Foods that represent the culture of families in different countries.


  • Any good comprehensive food and nutrition textbook.
  • Food for Today, Helen Kowtaluk, McGraw-Hill Glencoe Publishing, 2006 (8 chapters on Global Foods)
  • Guide to Good Food, Velda L. Largen. Goodheart, Wilcox Publishing. (This is an excellent reference for world and United States regional foods.)
  • International Cookbook, Utah State University, Logan, Utah 84322-1420, 1992.

Background for Teachers

History, geography, economics, and religion influence the food choices, methods of food preparation, and the food-related activities of families.

Attitudes and values about foods are rooted in society and culture and are transmitted through the family, as society's smallest unit. These values are preserved and practiced by the family in the home, which is the fundamental institution in society.

People who live in different countries or regions of the world develop common interests, institutions, and collective activities.
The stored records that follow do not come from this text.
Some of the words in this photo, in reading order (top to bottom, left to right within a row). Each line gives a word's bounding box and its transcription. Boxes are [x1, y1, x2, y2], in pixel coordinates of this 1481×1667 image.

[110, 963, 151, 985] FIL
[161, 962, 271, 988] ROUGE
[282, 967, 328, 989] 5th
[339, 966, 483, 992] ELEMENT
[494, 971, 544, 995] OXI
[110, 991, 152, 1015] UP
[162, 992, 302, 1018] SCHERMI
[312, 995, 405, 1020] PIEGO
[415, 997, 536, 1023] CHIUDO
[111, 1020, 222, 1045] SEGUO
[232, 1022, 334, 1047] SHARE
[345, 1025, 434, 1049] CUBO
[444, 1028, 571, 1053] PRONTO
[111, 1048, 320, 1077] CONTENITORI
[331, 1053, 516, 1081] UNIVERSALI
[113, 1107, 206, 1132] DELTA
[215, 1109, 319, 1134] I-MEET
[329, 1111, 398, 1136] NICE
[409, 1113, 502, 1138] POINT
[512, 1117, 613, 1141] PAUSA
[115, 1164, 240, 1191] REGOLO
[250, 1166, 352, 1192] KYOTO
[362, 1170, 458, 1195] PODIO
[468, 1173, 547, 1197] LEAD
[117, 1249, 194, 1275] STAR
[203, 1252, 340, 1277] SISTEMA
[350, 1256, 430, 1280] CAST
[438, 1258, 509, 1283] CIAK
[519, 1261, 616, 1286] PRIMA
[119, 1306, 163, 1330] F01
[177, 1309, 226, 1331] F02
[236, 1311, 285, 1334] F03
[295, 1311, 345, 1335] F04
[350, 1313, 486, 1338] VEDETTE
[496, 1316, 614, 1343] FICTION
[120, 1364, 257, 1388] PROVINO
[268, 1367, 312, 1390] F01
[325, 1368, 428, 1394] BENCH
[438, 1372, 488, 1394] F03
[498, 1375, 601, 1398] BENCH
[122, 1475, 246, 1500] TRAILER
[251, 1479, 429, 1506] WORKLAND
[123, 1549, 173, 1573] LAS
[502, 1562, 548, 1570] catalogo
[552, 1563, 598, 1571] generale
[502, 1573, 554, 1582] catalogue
Within families there are reflected certain characteristics of the society and culture in which the family exists. These ethnic languages, customs and values affect individual and family food choices and patterns.
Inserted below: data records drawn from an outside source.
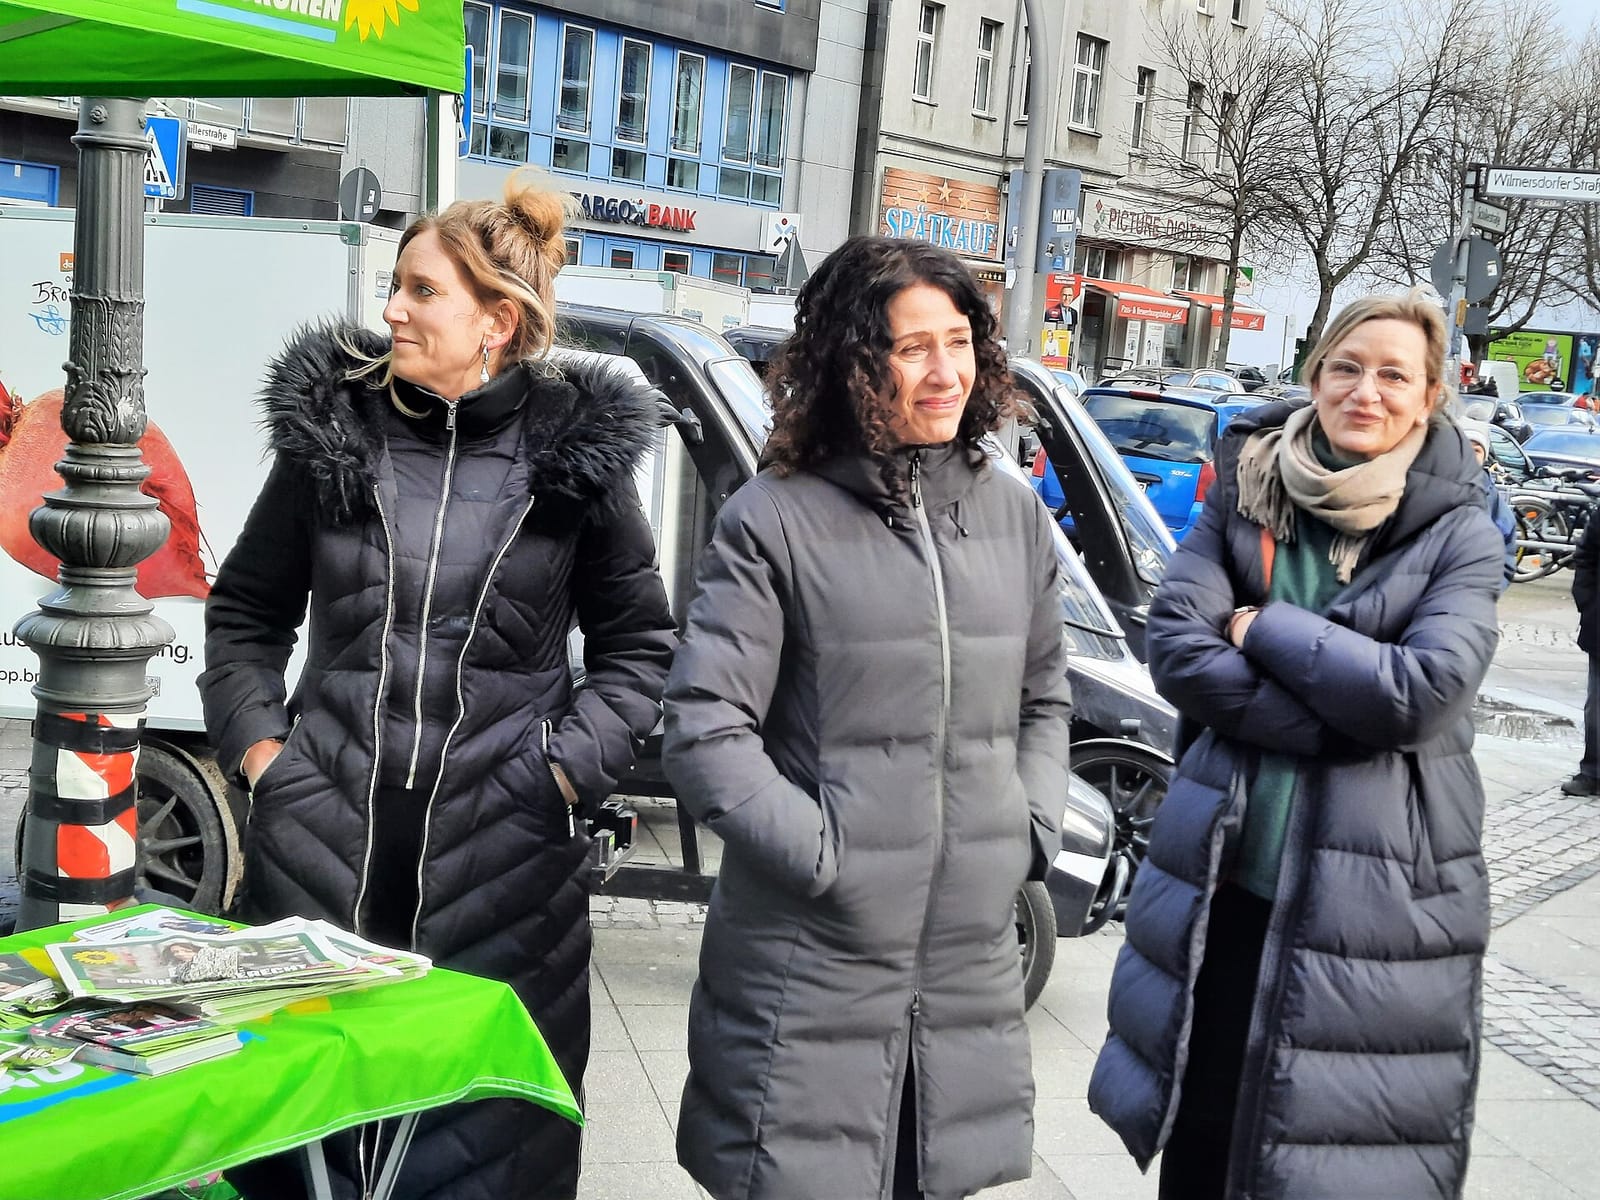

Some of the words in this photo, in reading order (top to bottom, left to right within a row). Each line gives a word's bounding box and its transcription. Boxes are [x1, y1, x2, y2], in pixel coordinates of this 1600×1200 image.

[1494, 173, 1571, 190] Wilmersdorfer
[649, 203, 697, 231] BANK
[885, 204, 995, 254] SPÄTKAUF
[1109, 207, 1161, 237] PICTURE
[32, 281, 72, 304] BRO
[234, 964, 307, 979] ERECHT
Understanding that good nutrition can be achieved with a wide variety of familiar and unfamiliar foods, is an exciting way to learn to appreciate other cultures. Many factors affect food choices in various parts of the world:

  • living patterns affect preparation and food availability (cranberries)
  • climate affects what foods will grow (wheat___cool; citrus___warm; etc.)
  • terrain___coastal areas, lakes, rivers (fish), grazing (cattle), etc.
  • folk lore___cows milk is considered dirty in parts of the Orient
  • religious beliefs and family traditions (peppermint tea)
  • special characteristics of a culture
  • economics, wars, etc.
  • heritage___customs, practices, rituals, folkways, and recipes passed on through generations (hot fudge sundae)
  • what could be preserved (beef jerky)
  1. Ethnic and cultural background has a strong impact on family food customs. As cultures (customs, language, dress, etc. of a group of people) developed, food became an important part of each cultural group. The food customs of a particular culture started with agriculture and prevalent animal life which determined what foods were available. The skills of the people determined food preparation and preservation methods.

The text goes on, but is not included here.